_What you have to do_.
Write out the data again in full, keeping every character the same.

___ Records for the exercise ___

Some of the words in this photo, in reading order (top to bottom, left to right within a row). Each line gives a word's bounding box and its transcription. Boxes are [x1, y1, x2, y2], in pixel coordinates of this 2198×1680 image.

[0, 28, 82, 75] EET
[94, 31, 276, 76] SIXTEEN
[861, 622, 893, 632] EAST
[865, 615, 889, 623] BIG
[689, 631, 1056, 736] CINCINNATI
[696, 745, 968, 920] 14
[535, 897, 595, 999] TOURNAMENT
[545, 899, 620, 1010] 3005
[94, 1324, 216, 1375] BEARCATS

___

_Exercise solution_.
Some of the words in this photo, in reading order (top to bottom, left to right within a row). Each line gives a word's bounding box and its transcription. Boxes are [x1, y1, x2, y2], in pixel coordinates of this 2198×1680 image.

[0, 28, 82, 75] EET
[94, 31, 276, 76] SIXTEEN
[861, 622, 893, 632] EAST
[865, 615, 889, 623] BIG
[689, 631, 1056, 736] CINCINNATI
[696, 745, 968, 920] 14
[535, 897, 595, 999] TOURNAMENT
[545, 899, 620, 1010] 3005
[94, 1324, 216, 1375] BEARCATS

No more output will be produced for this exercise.